(Material for this exercise Opens)
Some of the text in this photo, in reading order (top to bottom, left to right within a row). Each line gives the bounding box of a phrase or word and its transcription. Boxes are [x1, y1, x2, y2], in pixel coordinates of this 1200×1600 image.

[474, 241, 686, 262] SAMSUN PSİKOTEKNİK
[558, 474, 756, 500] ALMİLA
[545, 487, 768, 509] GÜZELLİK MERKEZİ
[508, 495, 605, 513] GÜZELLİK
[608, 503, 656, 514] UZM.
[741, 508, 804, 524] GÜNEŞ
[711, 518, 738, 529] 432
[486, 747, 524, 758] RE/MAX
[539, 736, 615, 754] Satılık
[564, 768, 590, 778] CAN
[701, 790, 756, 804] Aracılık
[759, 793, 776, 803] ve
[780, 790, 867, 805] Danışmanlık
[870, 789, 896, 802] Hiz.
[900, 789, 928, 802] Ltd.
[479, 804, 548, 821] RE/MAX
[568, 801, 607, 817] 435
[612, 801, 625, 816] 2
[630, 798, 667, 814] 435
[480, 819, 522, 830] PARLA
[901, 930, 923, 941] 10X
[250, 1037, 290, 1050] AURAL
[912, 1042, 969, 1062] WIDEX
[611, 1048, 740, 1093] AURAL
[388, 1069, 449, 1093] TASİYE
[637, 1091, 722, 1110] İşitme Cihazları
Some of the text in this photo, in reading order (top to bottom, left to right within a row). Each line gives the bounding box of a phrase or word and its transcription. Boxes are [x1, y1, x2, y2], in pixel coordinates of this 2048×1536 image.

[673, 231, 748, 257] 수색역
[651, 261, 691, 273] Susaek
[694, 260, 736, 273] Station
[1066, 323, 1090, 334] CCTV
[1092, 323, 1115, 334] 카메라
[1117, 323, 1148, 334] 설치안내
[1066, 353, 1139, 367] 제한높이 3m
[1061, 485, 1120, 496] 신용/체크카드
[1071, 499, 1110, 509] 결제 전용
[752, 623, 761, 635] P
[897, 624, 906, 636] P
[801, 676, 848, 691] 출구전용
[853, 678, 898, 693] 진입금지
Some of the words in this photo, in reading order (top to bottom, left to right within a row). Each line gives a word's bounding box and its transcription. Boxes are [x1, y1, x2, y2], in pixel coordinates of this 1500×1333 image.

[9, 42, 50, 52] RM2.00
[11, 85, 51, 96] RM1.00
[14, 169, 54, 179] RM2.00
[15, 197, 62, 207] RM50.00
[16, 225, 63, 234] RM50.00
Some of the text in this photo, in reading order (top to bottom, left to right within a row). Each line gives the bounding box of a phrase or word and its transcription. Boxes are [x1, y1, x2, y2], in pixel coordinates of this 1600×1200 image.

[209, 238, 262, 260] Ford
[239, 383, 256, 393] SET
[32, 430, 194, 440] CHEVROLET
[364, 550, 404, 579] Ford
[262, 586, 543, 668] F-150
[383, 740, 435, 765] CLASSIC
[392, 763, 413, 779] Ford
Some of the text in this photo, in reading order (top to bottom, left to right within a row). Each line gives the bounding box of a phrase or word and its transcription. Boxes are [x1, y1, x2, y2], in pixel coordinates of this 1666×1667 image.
(Material for this exercise Closes)
An exact copy of all the entries above is what is needed.

Some of the text in this photo, in reading order (top to bottom, left to right within a row). Each line gives the bounding box of a phrase or word and its transcription. Boxes are [x1, y1, x2, y2], in pixel coordinates of this 1200×1600 image.

[474, 241, 686, 262] SAMSUN PSİKOTEKNİK
[558, 474, 756, 500] ALMİLA
[545, 487, 768, 509] GÜZELLİK MERKEZİ
[508, 495, 605, 513] GÜZELLİK
[608, 503, 656, 514] UZM.
[741, 508, 804, 524] GÜNEŞ
[711, 518, 738, 529] 432
[486, 747, 524, 758] RE/MAX
[539, 736, 615, 754] Satılık
[564, 768, 590, 778] CAN
[701, 790, 756, 804] Aracılık
[759, 793, 776, 803] ve
[780, 790, 867, 805] Danışmanlık
[870, 789, 896, 802] Hiz.
[900, 789, 928, 802] Ltd.
[479, 804, 548, 821] RE/MAX
[568, 801, 607, 817] 435
[612, 801, 625, 816] 2
[630, 798, 667, 814] 435
[480, 819, 522, 830] PARLA
[901, 930, 923, 941] 10X
[250, 1037, 290, 1050] AURAL
[912, 1042, 969, 1062] WIDEX
[611, 1048, 740, 1093] AURAL
[388, 1069, 449, 1093] TASİYE
[637, 1091, 722, 1110] İşitme Cihazları
Some of the text in this photo, in reading order (top to bottom, left to right within a row). Each line gives the bounding box of a phrase or word and its transcription. Boxes are [x1, y1, x2, y2], in pixel coordinates of this 2048×1536 image.

[673, 231, 748, 257] 수색역
[651, 261, 691, 273] Susaek
[694, 260, 736, 273] Station
[1066, 323, 1090, 334] CCTV
[1092, 323, 1115, 334] 카메라
[1117, 323, 1148, 334] 설치안내
[1066, 353, 1139, 367] 제한높이 3m
[1061, 485, 1120, 496] 신용/체크카드
[1071, 499, 1110, 509] 결제 전용
[752, 623, 761, 635] P
[897, 624, 906, 636] P
[801, 676, 848, 691] 출구전용
[853, 678, 898, 693] 진입금지
Some of the words in this photo, in reading order (top to bottom, left to right within a row). Each line gives a word's bounding box and its transcription. Boxes are [x1, y1, x2, y2], in pixel coordinates of this 1500×1333 image.

[9, 42, 50, 52] RM2.00
[11, 85, 51, 96] RM1.00
[14, 169, 54, 179] RM2.00
[15, 197, 62, 207] RM50.00
[16, 225, 63, 234] RM50.00
Some of the text in this photo, in reading order (top to bottom, left to right within a row). Each line gives the bounding box of a phrase or word and its transcription. Boxes are [x1, y1, x2, y2], in pixel coordinates of this 1600×1200 image.

[209, 238, 262, 260] Ford
[239, 383, 256, 393] SET
[32, 430, 194, 440] CHEVROLET
[364, 550, 404, 579] Ford
[262, 586, 543, 668] F-150
[383, 740, 435, 765] CLASSIC
[392, 763, 413, 779] Ford
Some of the text in this photo, in reading order (top to bottom, left to right within a row). Each line gives the bounding box of a phrase or word and its transcription. Boxes are [x1, y1, x2, y2], in pixel coordinates of this 1666×1667 image.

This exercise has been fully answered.